As for Wallace's comment about there being no good explanation for a scribe to add the word "Jesus" before the name Barabbas, I can think of a very good reason why some scribe presumed to add his own thoughts to God's words, just as Daniel Wallace frequently does. The name Barabbas means "son" (bar) of the Father (abba), and it is a highly significant "type" that the guilty "son of the father" would be released and the "Son of the Father" would take his place in the crucifixion. So it is quite possible that a scribe thought this beautiful "type" could be embellished even more by adding the word Jesus to the name Barabbas, and thus we have "Jesus the son of the Father" being released from the death penalty and "Jesus who is called Christ" taking his place. However all three other gospel writers (nor Matthew, as Wallace contends) did not add the word "Jesus" to Barabbas' name in Mark 15:11, Luke 23:18 nor in John 18:40. The very reason Wallace suggests why the added word "Jesus" would make a better reading is probably what some lone scribe also thought, and so he added the word "Jesus" to the text.

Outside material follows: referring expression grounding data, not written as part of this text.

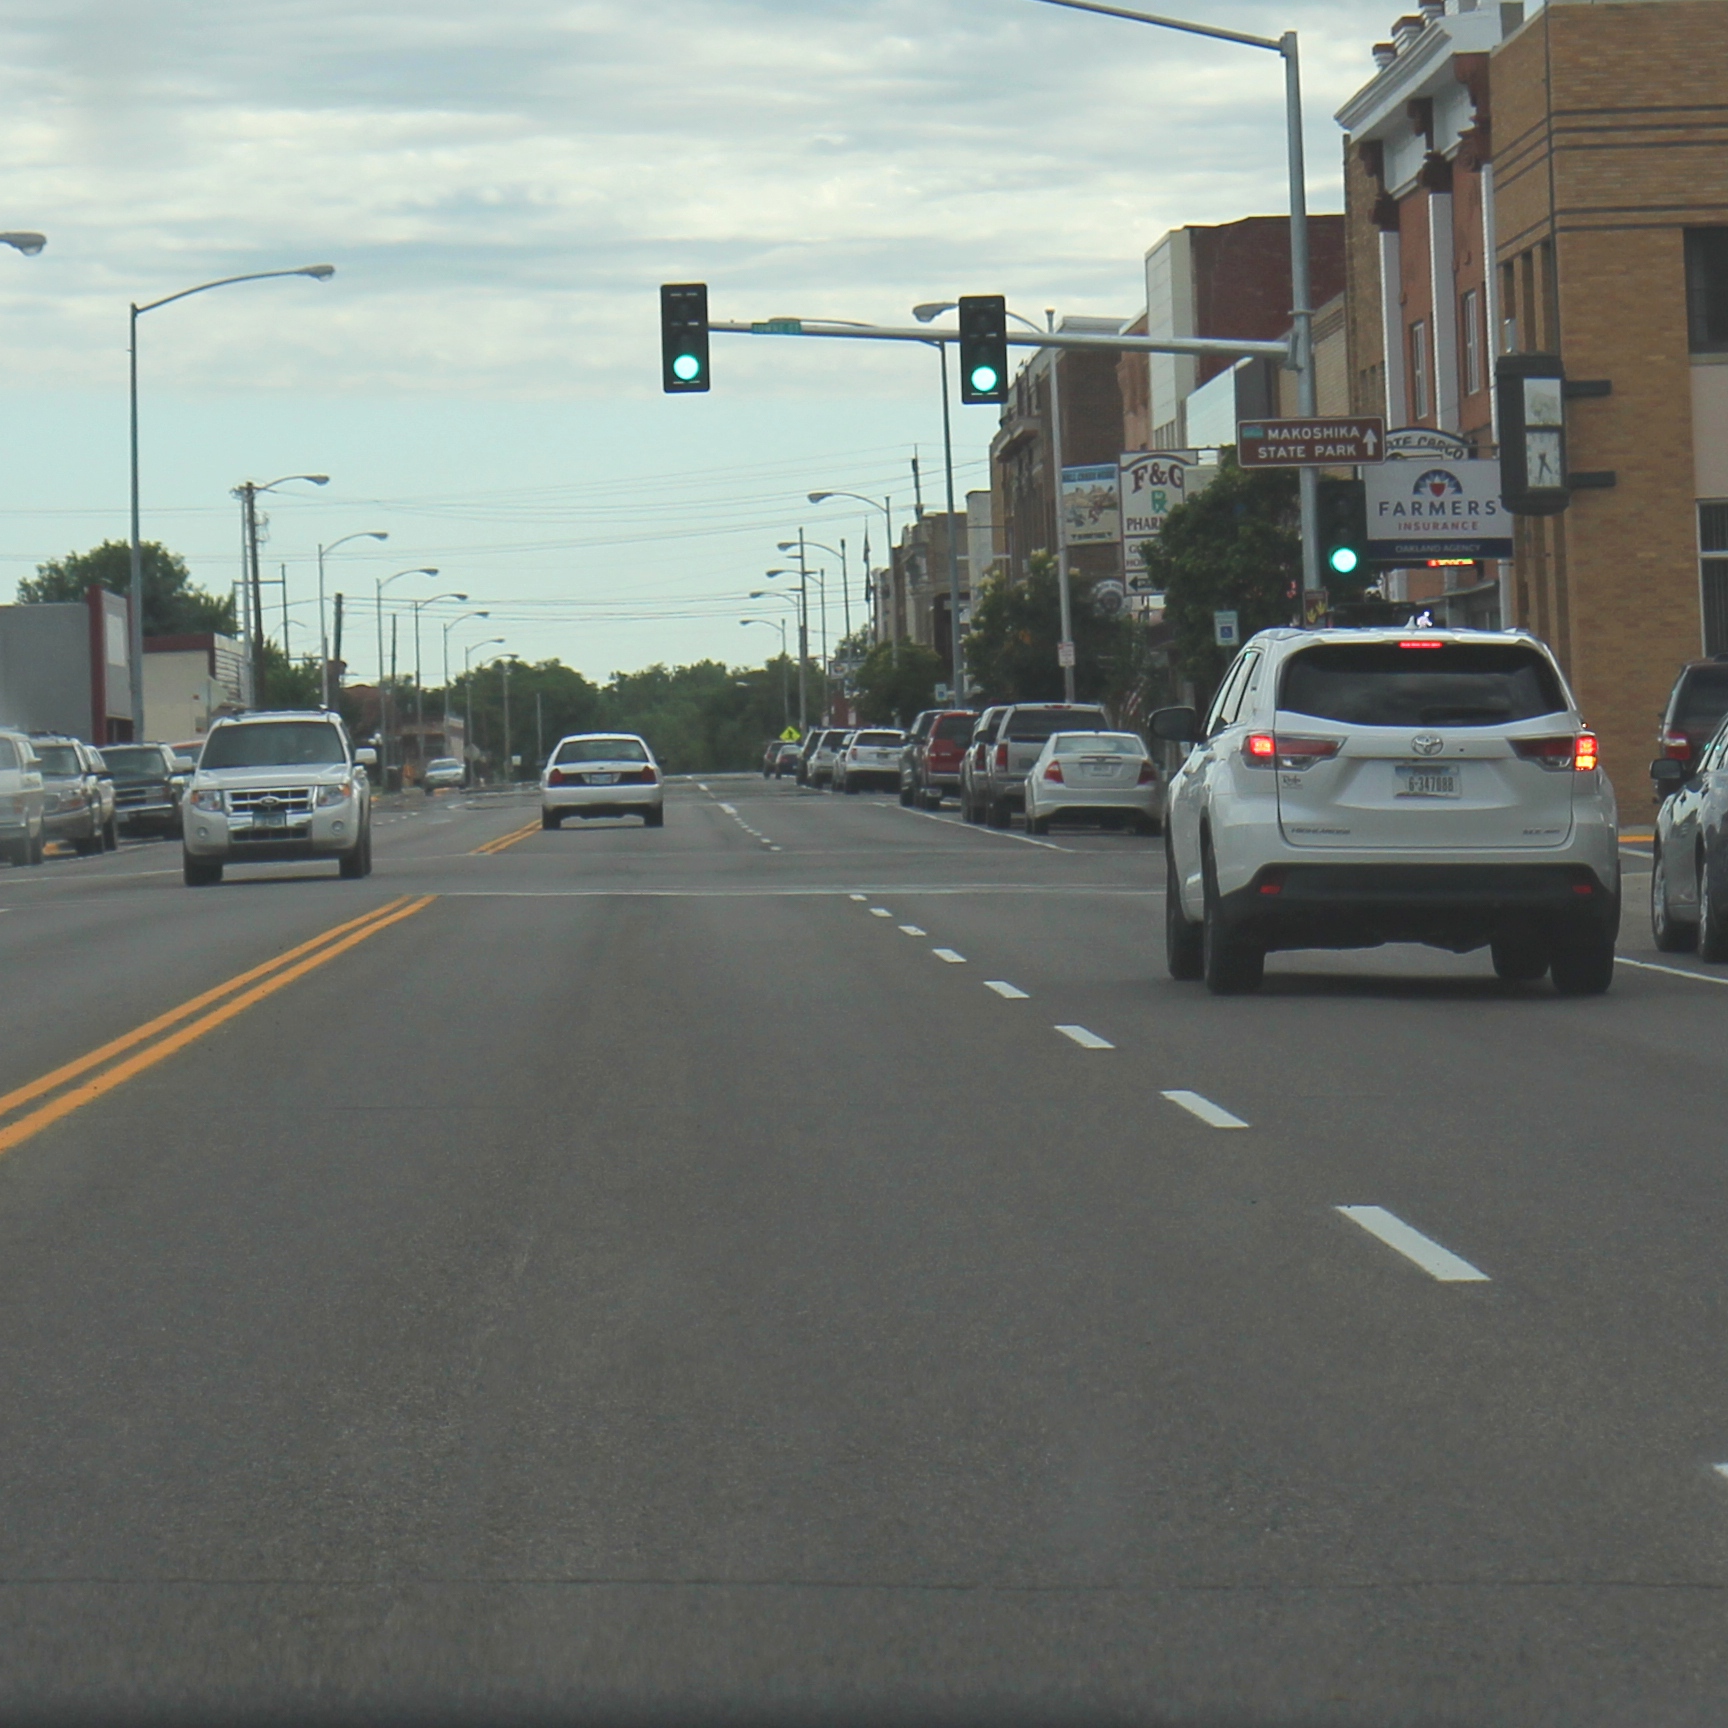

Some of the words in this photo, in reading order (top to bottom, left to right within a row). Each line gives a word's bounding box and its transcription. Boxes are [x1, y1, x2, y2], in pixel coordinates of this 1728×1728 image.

[1267, 426, 1360, 441] MAKOSHIKA
[1258, 446, 1306, 459] STATE
[1315, 444, 1357, 457] PARK
[1132, 461, 1185, 494] F&G
[1378, 500, 1497, 517] FARMERS
[1398, 521, 1479, 531] INSURANCE
[1395, 544, 1441, 553] OAKLAND
[1443, 543, 1481, 552] AGENCY

Even when Westcott and Hort came out with their new critical text they did not even mention the odd variant readings that twice added the name of Jesus to the text. Years later it still was not mentioned even in a footnote in the Nestle critical text 4th edition. Then later on they began to put this minor variant at the bottom of the page in a footnote, and NOW in the newest Nestle-Aland, UBS texts these spurious additional readings are added to the text in brackets. This is the nature of the ever changing merry-go-round they like to call the “science” of modern textual criticism.
The two additional names of “JESUS Barabbas” are NOT found in Wycliffe, Tyndale, Coverdale, Bishops’ bible, Geneva, NKJV, RV, ASV, NASB, NIV, RSV, ESV, Holman Standard or the ISV of 2010.
However the NRSV, the Message and Daniel Wallace’s NET version add the name Jesus twice to the text in Matthew 27:16-17. Notice the RSV did not add these names, then the NRSV did add them to their texts, but then the latest revision of the revision of the revision - the ESV - once again took them out! And they call this “science”.